Natural Gas Act of 1938 In 1938, the
Natural Gas Act gave FPC jurisdiction over interstate natural gas pipelines and wholesale sales. In 1942, this jurisdiction was expanded to cover the licensing of more natural gas facilities. In 1954, the Supreme Court decision in
Phillips Petroleum Co. v. Wisconsin extended FPC jurisdiction over all wellhead sales of natural gas in interstate commerce.
Birth of DOE; FPC Becomes FERC In response to the 1973 oil crisis,
Congress passed
the Department of Energy Organization Act in 1977, to consolidate various energy-related agencies into a
Department of Energy. Congress insisted that a separate independent regulatory body be retained, and the FPC was renamed the Federal Energy Regulatory Commission (FERC), preserving its independent status within the department. Its most basic mandate was to "determine whether wholesale electricity prices were unjust and unreasonable and, if so, to regulate pricing and order refunds for overcharges to ratepayers." FERC was also given added responsibility to hear appeals of DOE oil price control determinations and to conduct all "on the record" hearings for DOE. As a result, DOE does not have any
administrative law judges. As a further protection, when the Department of Energy proposes a rule, it must refer the proposal to FERC, and FERC can take over the proceeding if FERC determines that the rulemaking "may significantly affect" matters in its jurisdiction. The DOE Act also transferred the regulation of interstate oil pipelines from the
Interstate Commerce Commission to FERC. However, the FERC lost some jurisdiction over the imports and exports of gas and electricity. In 1978, FERC was given additional responsibilities for harmonizing the regulation of wellhead gas sales in both the intrastate and interstate markets. FERC also administered a program to foster new
cogeneration and small power production under the
Public Utilities Regulatory Policy Act of 1978, which was passed as part of the
National Energy Act of 1978. The National Energy Act included the
Natural Gas Policy Act of 1978, which reduced the scope of federal price regulation, to bring greater competition to both the natural gas and electric industry. In 1989, Congress ended federal regulation of wellhead natural gas prices, with the passage of the
Natural Gas Wellhead Decontrol Act of 1989.
Order Nos. 888 and 889 In 1996, FERC issued Order No. 888, which spurred the creation of
regional transmission organizations in the United States. This would impact existing electric power pools by rebranding themselves as independent transmission operators. Electric utilities in some regions began to spin off their generation units as separate companies that would compete in a wholesale electric market administered by the RTOs. Once FERC had created the framework for Regional Transmission Organizations with Order No. 888, several such RTOs were approved. The pre-existing multi-state power pool called
PJM (Pennsylvania, Jersey, Maryland), the
New York Independent System Operator (NYISO), and the
Independent Sysoperator New England (ISO-NE) were early adopters. California, with the backing of its state and Congressional policymakers, sought approval of a controversial scheme to set up its ISO, called
California Independent System Operator, based near Sacramento, CA. FERC approved it without changes because California had warned that it would not accept any changes.

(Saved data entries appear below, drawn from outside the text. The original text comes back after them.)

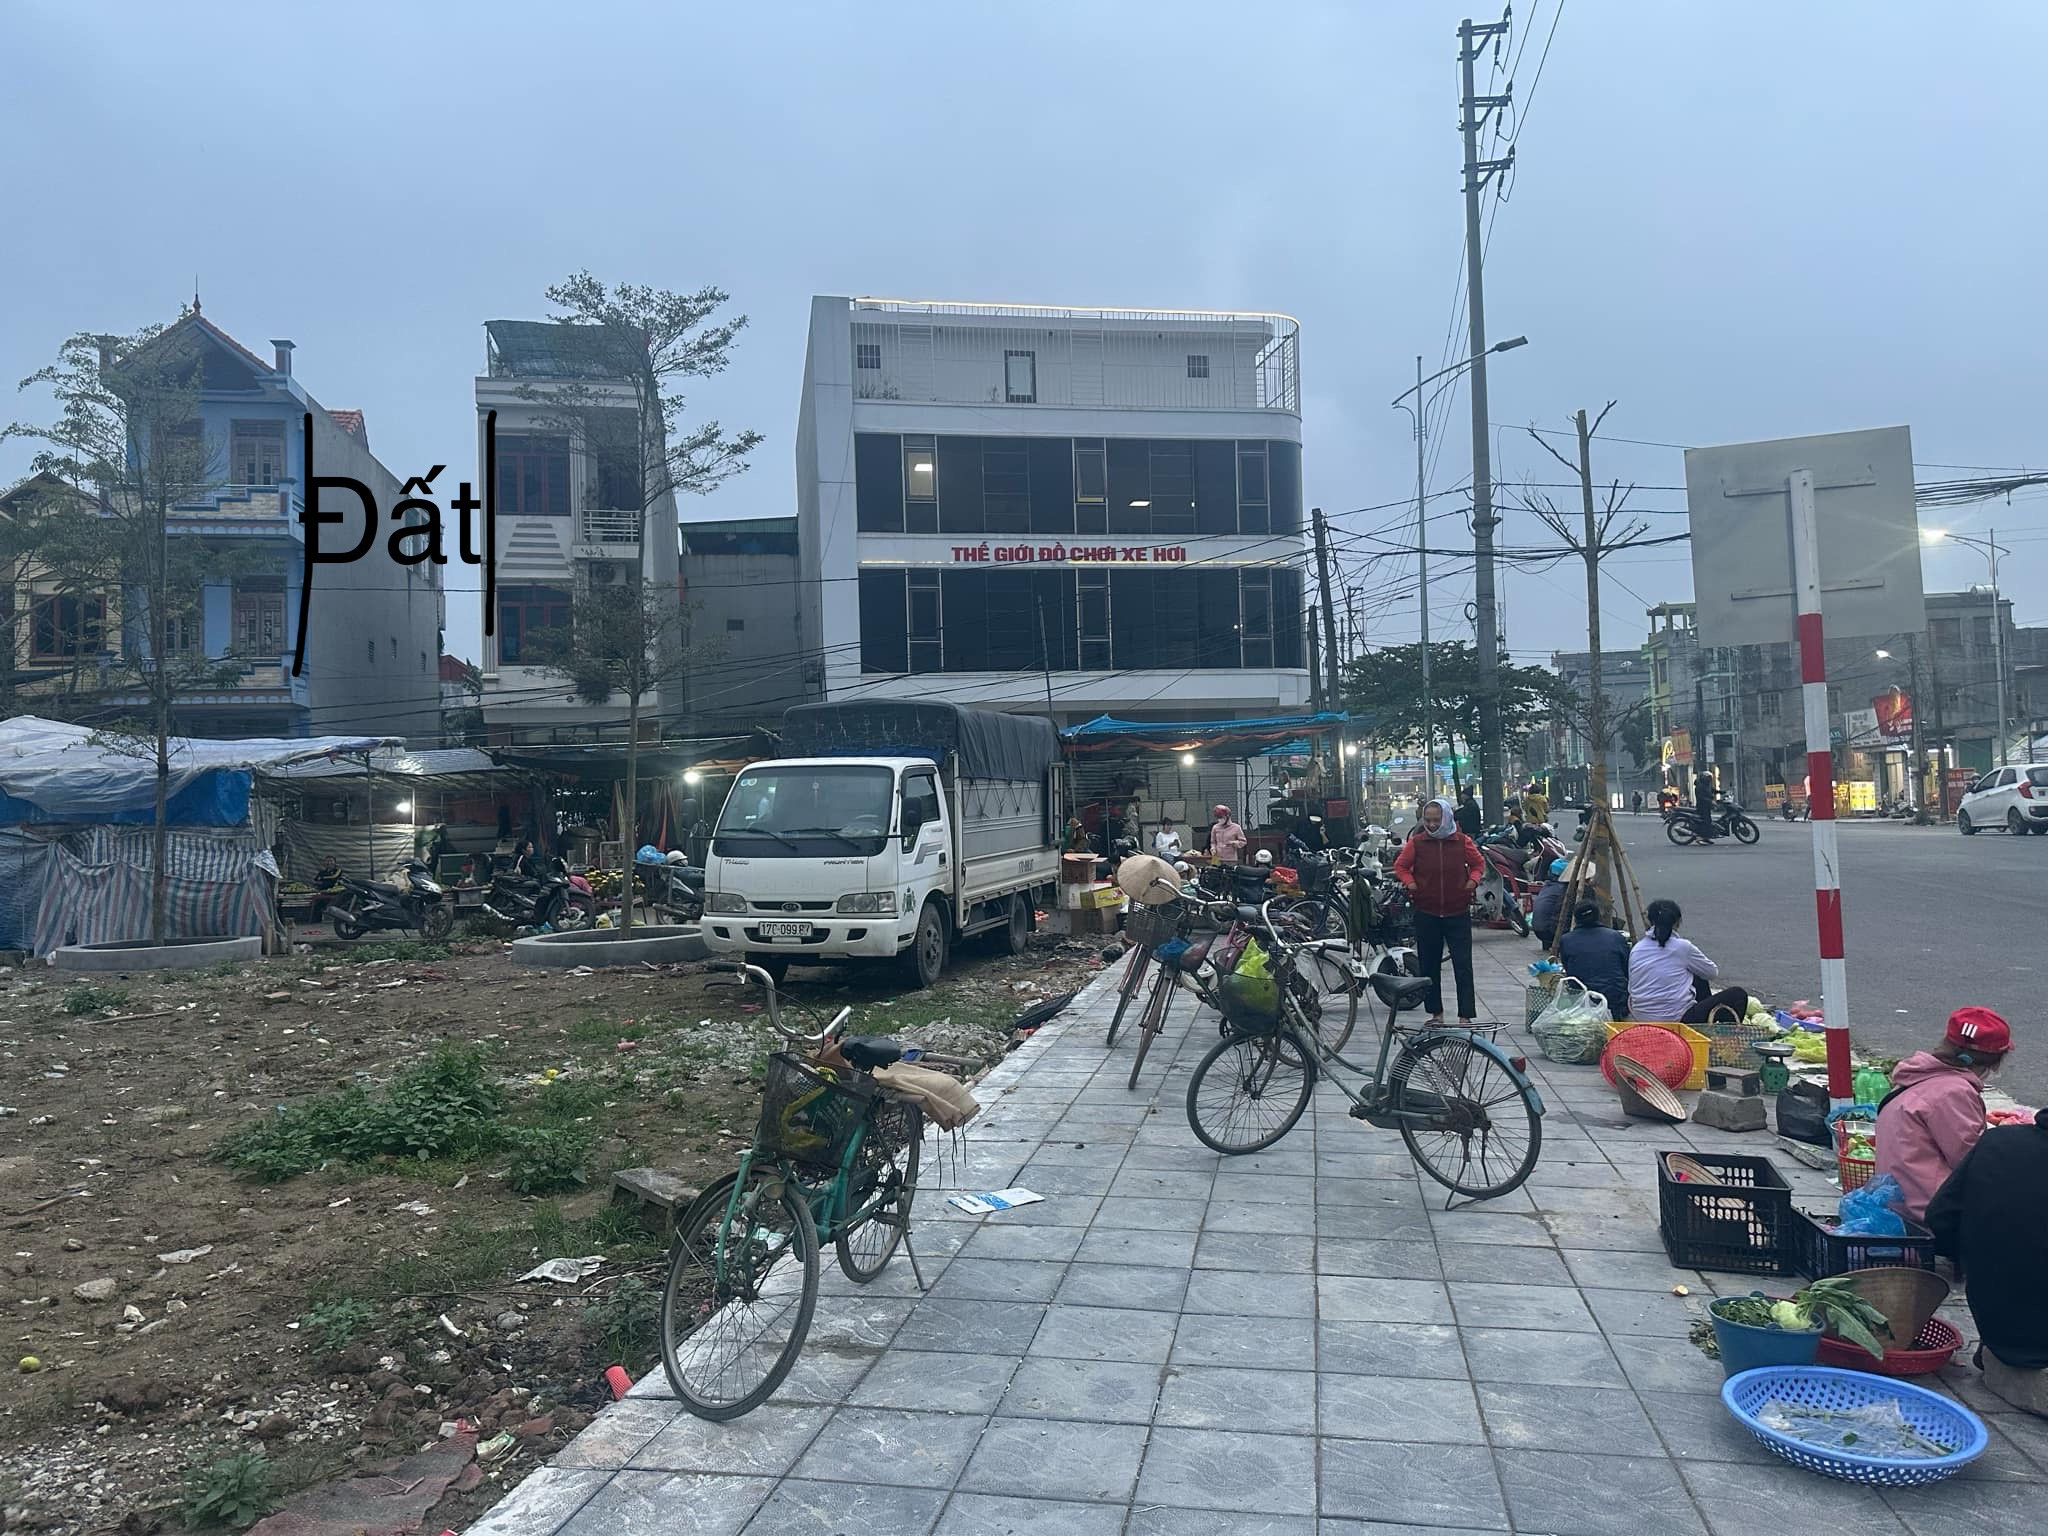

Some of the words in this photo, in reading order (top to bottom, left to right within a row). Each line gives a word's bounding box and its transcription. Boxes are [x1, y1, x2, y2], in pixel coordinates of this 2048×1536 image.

[952, 541, 990, 561] THẾ
[994, 544, 1034, 561] GIỚI
[1039, 541, 1066, 561] ĐỒ
[1070, 546, 1117, 561] CHƠI
[1121, 547, 1148, 561] XE
[1153, 546, 1187, 561] HƠI

Enron charged one of its policy analysts to figure out how to make the most of the flawed rules put in place for the California electricity market. Enron had success with its fraudulent market transactions. Order No. 888 mandated that transmission operators open market access to all power generators, including both vertically integrated utility companies and "qualifying facilities" that are independent of those trusts, while Order No. 889 mandated that these generators tie into transmission markets via data portals called "

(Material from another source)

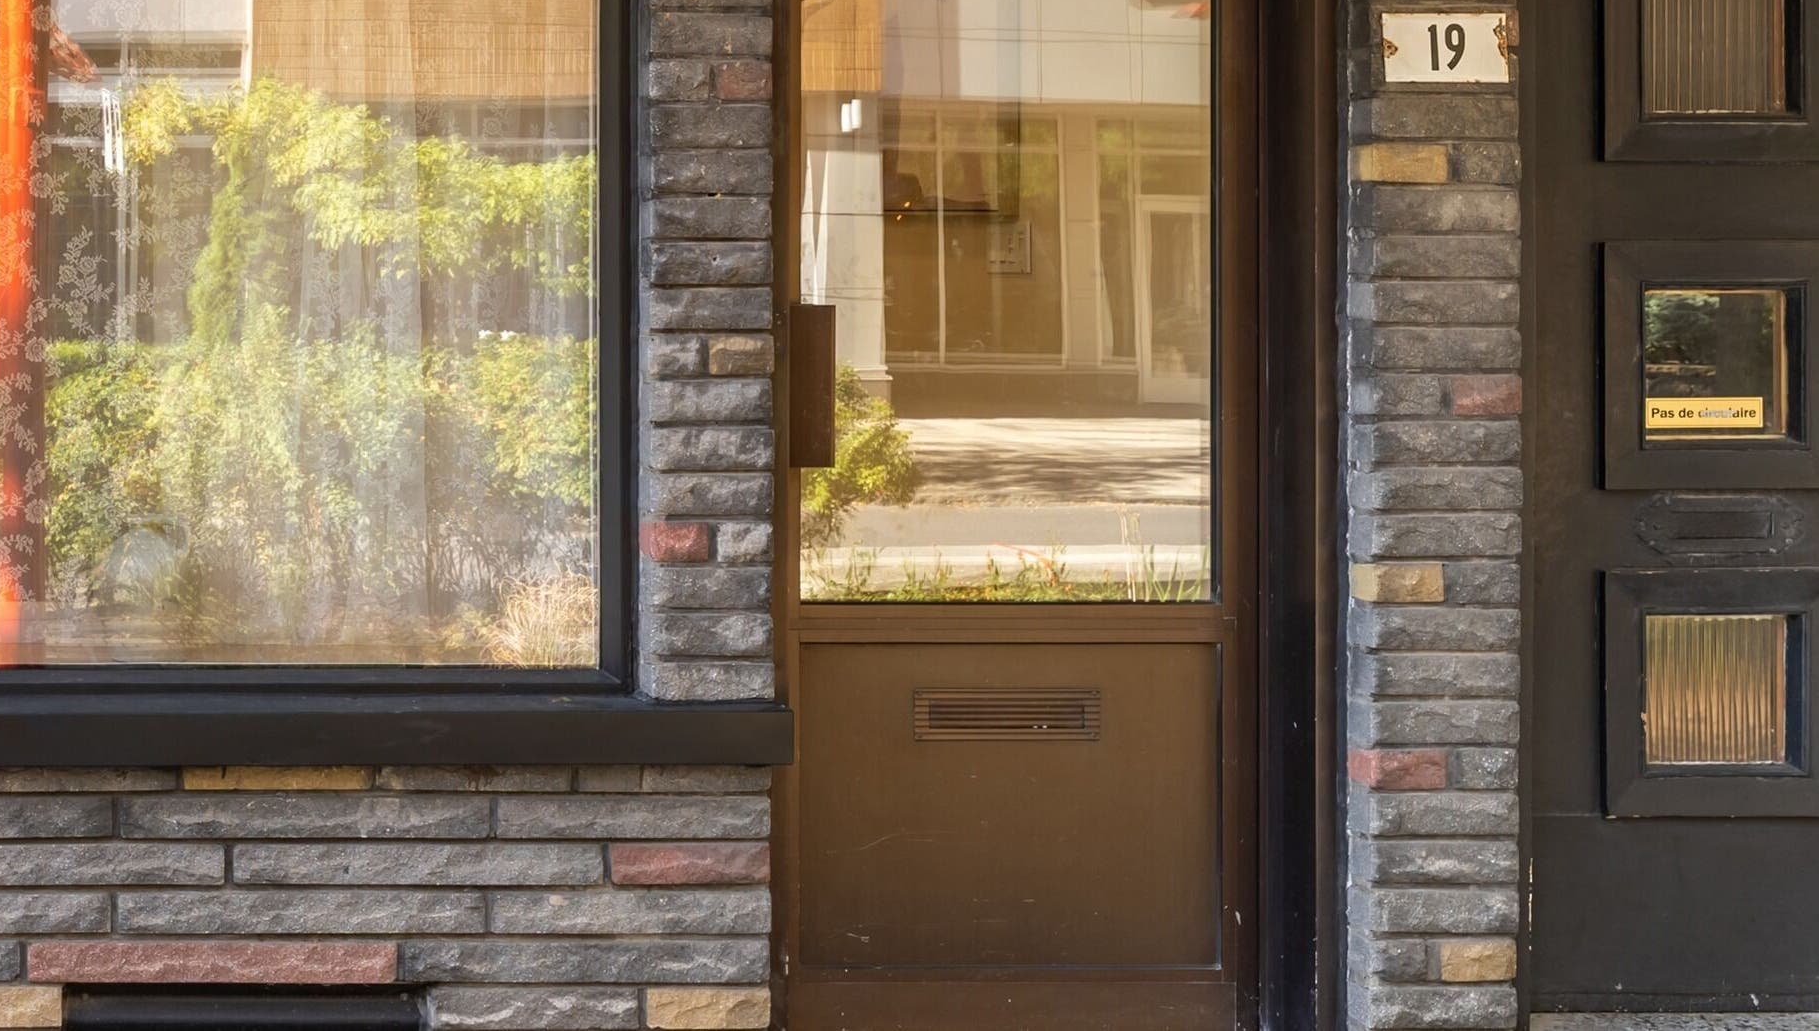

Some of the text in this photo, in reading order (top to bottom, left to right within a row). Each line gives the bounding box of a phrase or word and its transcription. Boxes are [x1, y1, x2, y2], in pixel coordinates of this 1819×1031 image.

[1428, 23, 1466, 71] 19
[1651, 407, 1675, 418] Pas
[1678, 407, 1694, 418] de

Open Access Same-Time Information Systems".
Order No. 2003 In 2003, FERC issued Order No. 2003, which required utilities to standardize their interconnection procedures (linking power plants to the grid) and issue credits to power generators as reimbursement for upfront interconnection costs, over a long time period.
Energy Policy Act of 2005 In 2001, the
George W. Bush administration sought to give the authority of eminent domain to FERC to circumvent state and local bureaucratic processes which often slowed the siting of new transmission projects. This expansion of power was most fiercely opposed by Bush's own Republican party as being an expansion of federal power. Legal battles over the issue ended with the 2005 Energy Bill (
Energy Policy Act of 2005) which was passed with approval of Democrats and Republicans. The Energy Policy Act of 2005 expanded FERC's authority to protect the reliability and cybersecurity of the bulk power system through the establishment and enforcement of mandatory standards, as well as greatly expanding FERC authority to impose civil
penalties on entities that manipulate the electricity and natural gas markets. The Energy Policy Act of 2005 also gave FERC additional responsibilities and authority. Among the many provisions of the law, FERC was given what is known as "backstop" siting authority which allows FERC to overrule any denial of transmission projects by a state within established corridors of
transmission congestion "to expand transmission in limited regions of the country facing transmission constraints."
Order No. 1000 In 2010, FERC issued Order No. 1000, which required RTOs to create regional transmission plans and identify transmission needs based on public policy. Cost allocation reforms were included, possibly to reduce barriers faced by non incumbent transmission developers.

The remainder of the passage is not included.